The two stores drew overlapping but distinct shoppers, and traffic rose as people used both.

By the late 1990s, the district mixed a national discount store, a Latino-oriented hard-goods anchor, the nearby Valley Indoor Swap Meet, and small shops around the old mall core.

La Curacao shortened its name to Curacao in 2012.

Primestor's plan to replace the mall entirely

Primestor Development bought Panorama Mall from Macerich in November 2015, in a deal reported at $90.9 million.

The sale left out the Walmart building, even though Walmart was one of the site's anchors, a hint that Primestor was buying more than a conventional enclosed mall.

The proposal is called Panorama City Center.

It would demolish the mall, two fast-food restaurants, the Walmart building, and the surface parking, then build a mixed-use district of more than 5 million square feet on 19.8 acres.

It would add up to 3,544 apartments, a 120-room hotel, retail, restaurants, entertainment including a cinema, office and medical-office space, and buildings up to 30 stories and 350 feet tall.

The horizon is long.
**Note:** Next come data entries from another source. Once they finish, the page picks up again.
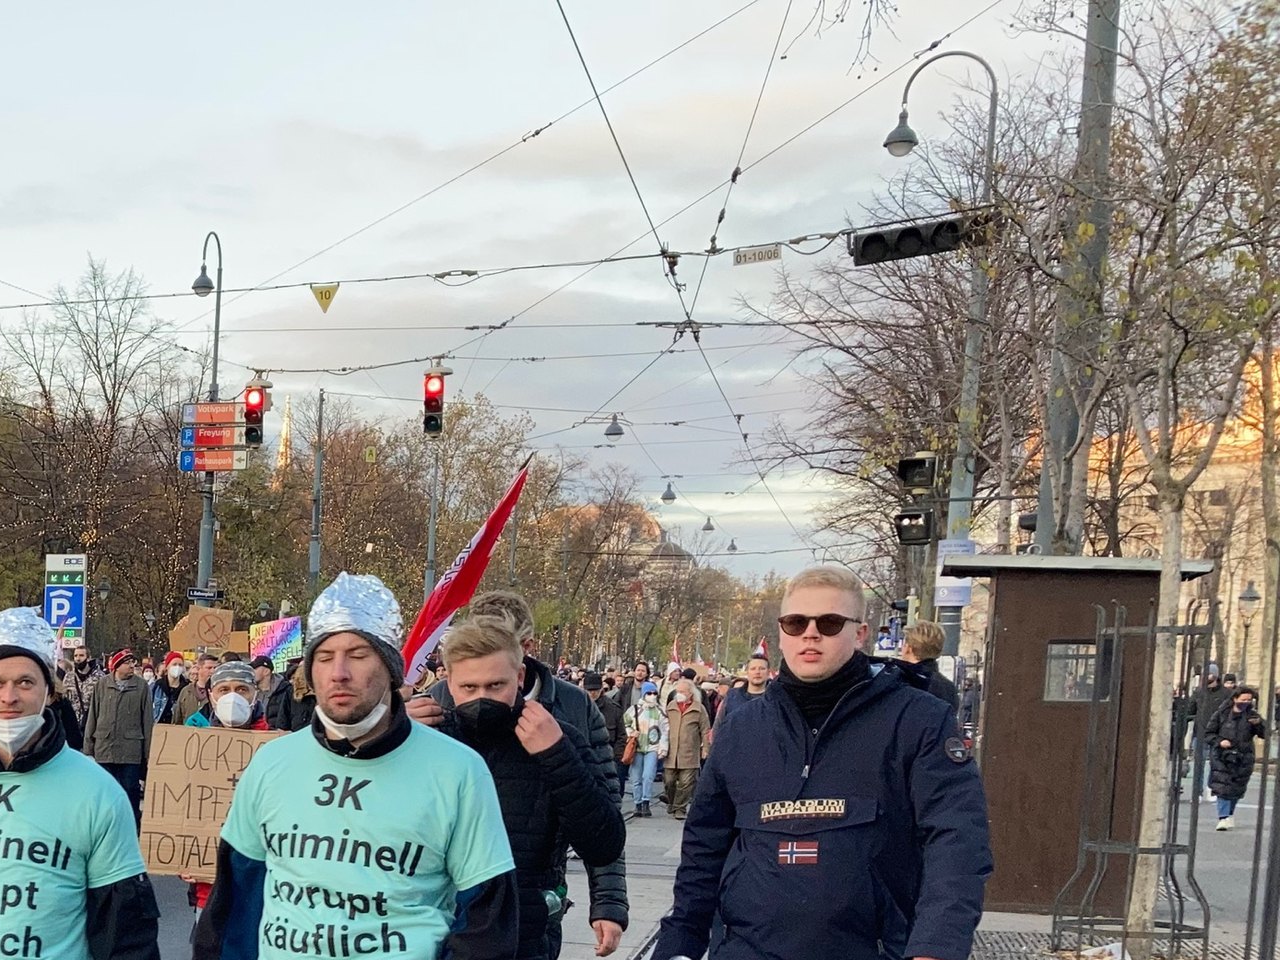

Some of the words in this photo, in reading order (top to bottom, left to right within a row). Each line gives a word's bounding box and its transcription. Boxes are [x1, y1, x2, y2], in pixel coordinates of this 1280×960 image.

[735, 248, 779, 264] 01-10/06
[319, 290, 331, 300] 10
[197, 405, 234, 414] Votivpark
[198, 428, 231, 438] Freyung
[255, 625, 275, 637] NEIN
[280, 619, 299, 633] ZUR
[156, 731, 266, 773] LOCKD
[150, 781, 233, 822] IMPF
[314, 773, 373, 811] 3K
[761, 798, 846, 819] NAPAPIJRI
[142, 831, 219, 869] TOTAL
[260, 823, 425, 877] kriminell
[262, 916, 408, 958] käuflich
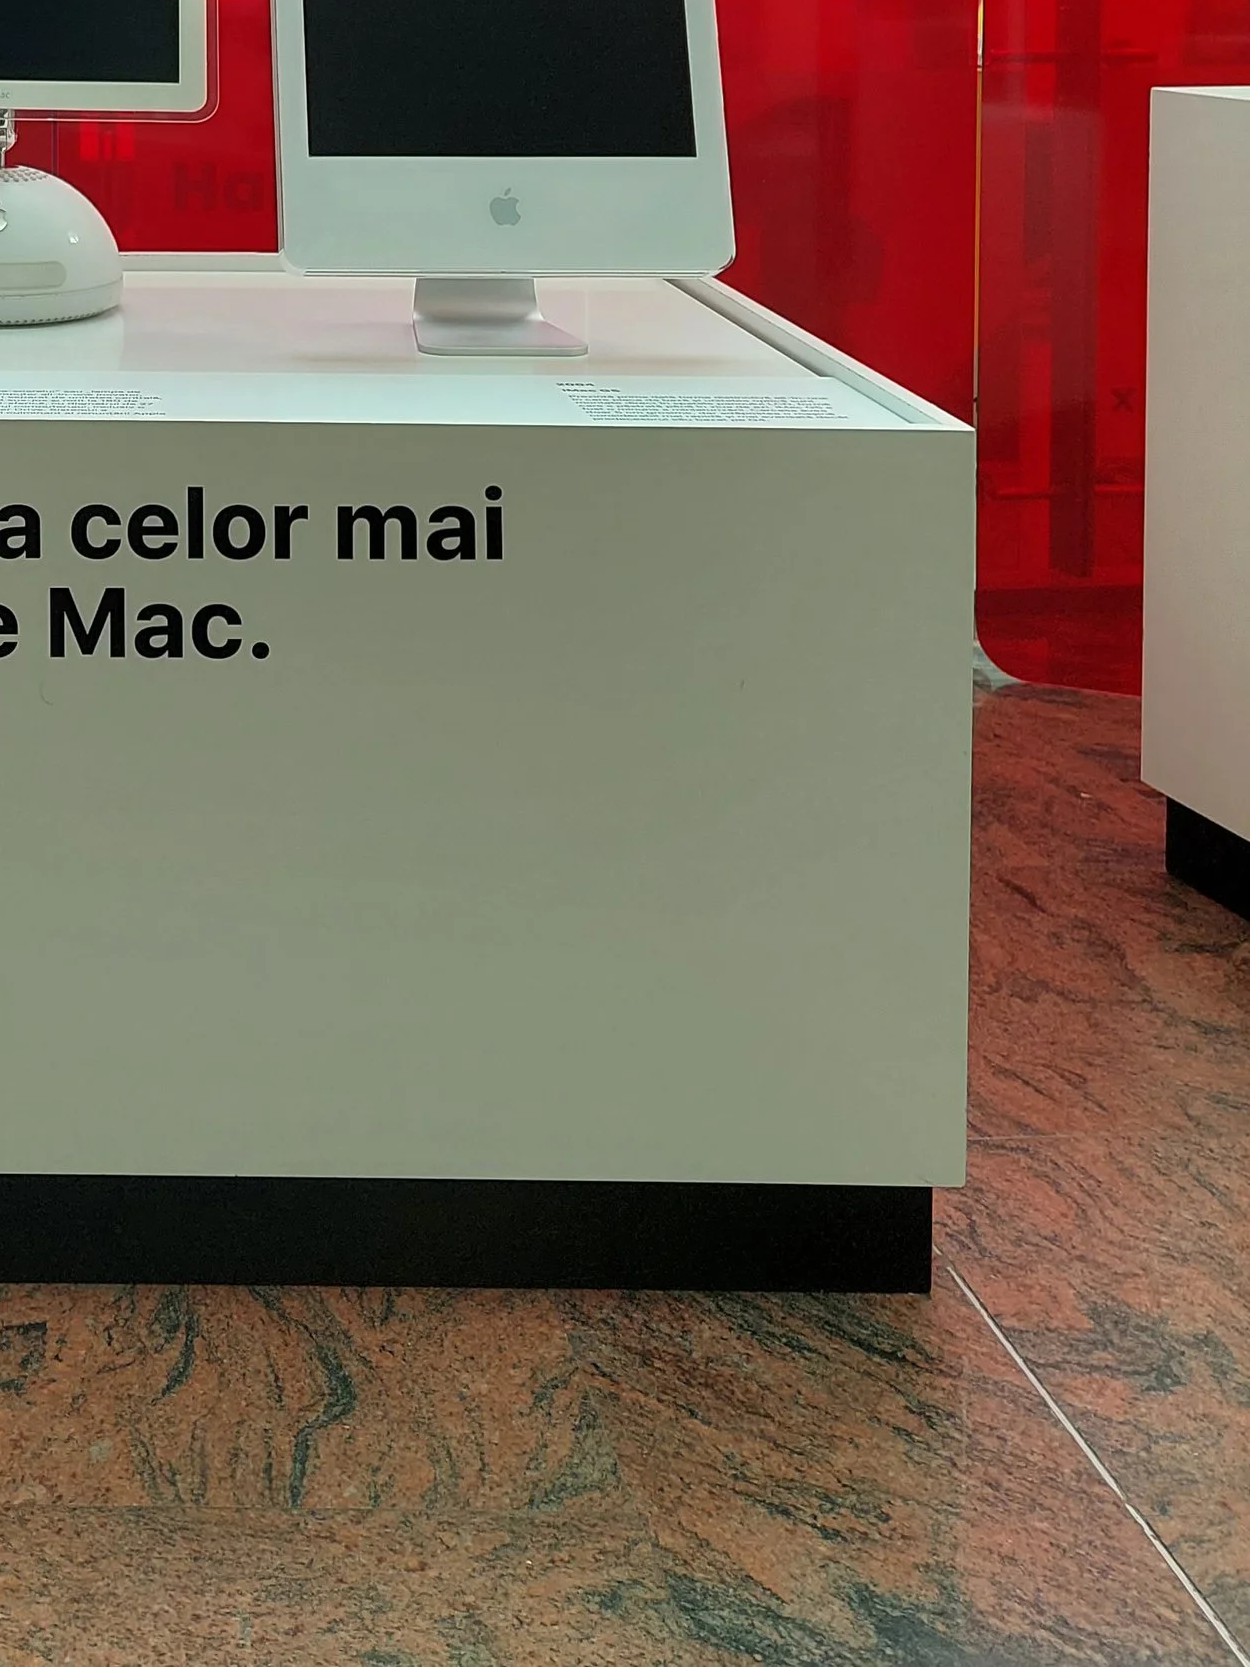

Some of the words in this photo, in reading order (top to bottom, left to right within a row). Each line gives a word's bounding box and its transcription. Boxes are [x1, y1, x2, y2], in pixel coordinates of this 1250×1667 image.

[69, 486, 308, 562] celor
[337, 486, 507, 562] mai
[48, 586, 273, 661] Mac.
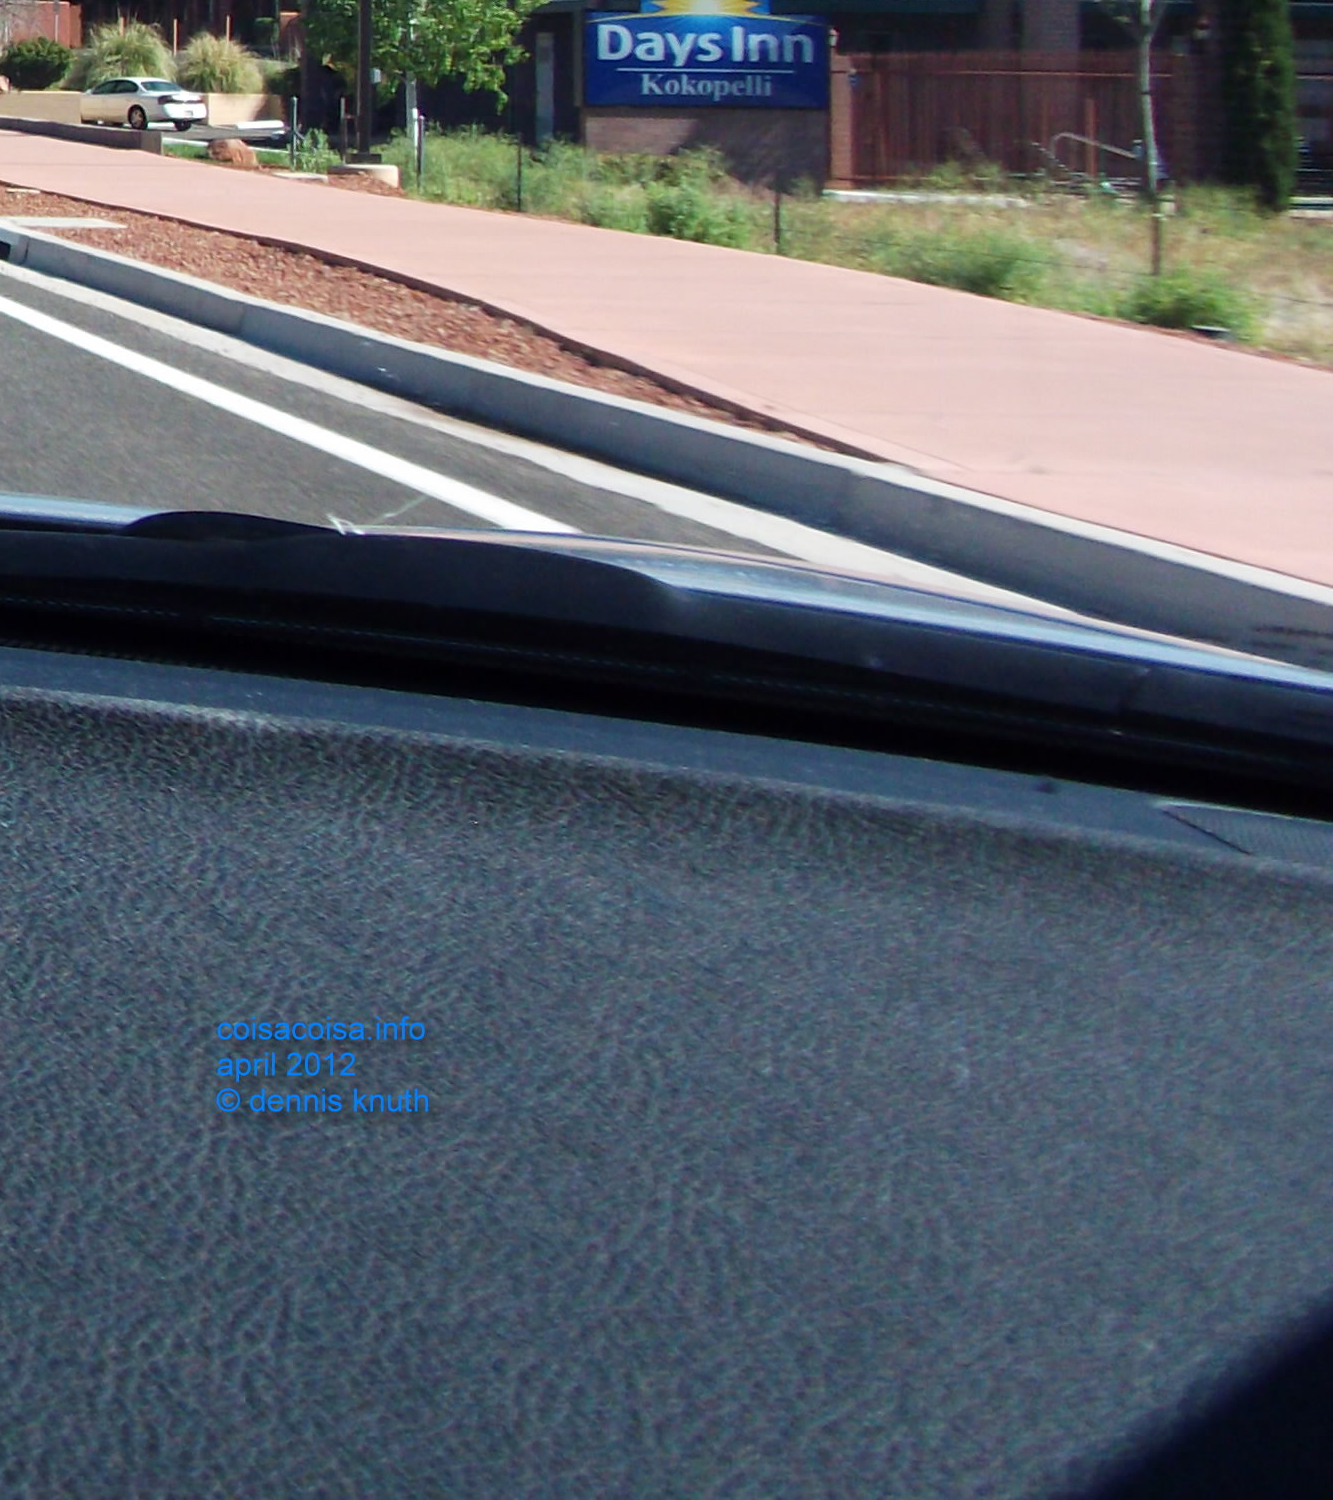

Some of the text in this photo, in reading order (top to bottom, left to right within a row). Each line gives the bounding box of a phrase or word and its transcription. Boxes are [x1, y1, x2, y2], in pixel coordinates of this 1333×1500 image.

City filings projected construction in phases over as long as 20 years, with full operation in 2043.

Primestor projects a first phase with up to 800 apartments, including income-restricted units, and lists 2028 as the projected completion date for that first phase.

Who gets to stay as Panorama City Center moves ahead?

Primestor began talking with community groups in 2016, before the project had entered its later public-review phase, and the meetings turned formal as the plan moved forward.

Sessions through 2022 and 2024 covered building heights, density, plazas, parking, construction impacts, housing affordability, local hiring, and accessibility.

Some met in the mall itself, others at the Panorama City Branch Library and Panorama High School.

The hardest question is who gets to stay. Existing tenants would be offered first-come, first-served opportunities for space in the new project, with time to decide whether to remain or move.

That matters here because many tenants were small, local-serving businesses in a dense, heavily Latino neighborhood.

Panorama Mall is not the only old commercial site being remade nearby. The former Montgomery Ward site became The Icon Panorama, now planned with more than 600 residences and 60,000 square feet of retail.

The earthquake-damaged Panorama Tower on Van Nuys Boulevard was bought in 2015 for renovation. The pressure on the mall is part of a wider rethinking of central Panorama City.

What Panorama Mall is in 2026, and what comes next

Curacao is gone. The company closed its Panorama Mall store during the redevelopment period because of major construction there, and sent customers to its Northridge location.

That removed one of the anchors that had defined the place since the 1990s.

Walmart still runs in the old Broadway building at 8333 Van Nuys Boulevard, open 6 AM to 11 PM daily. The Valley Indoor Swap Meet still operates inside the former Ohrbach's.

The mall still keeps regular store hours, and by 2026 its tenants included Osaka Japan, The Buffalo Spot, Kebab House, and House of Khan's, alongside empty suites offered for lease.

The property had 66 stores, with 17 spaces available.

A Metro light-rail line is under construction along Van Nuys Boulevard, set to open in 2031, and it is expected to run past the mall's front edge.

The pressure on the site comes from the land itself: a low-rise, parking-heavy parcel on a corner where a rail line is about to make redevelopment more attractive.

What opened in 1955 to give a new suburb somewhere to shop now waits between its enclosed past and a 30-story plan that would clear the mall site away.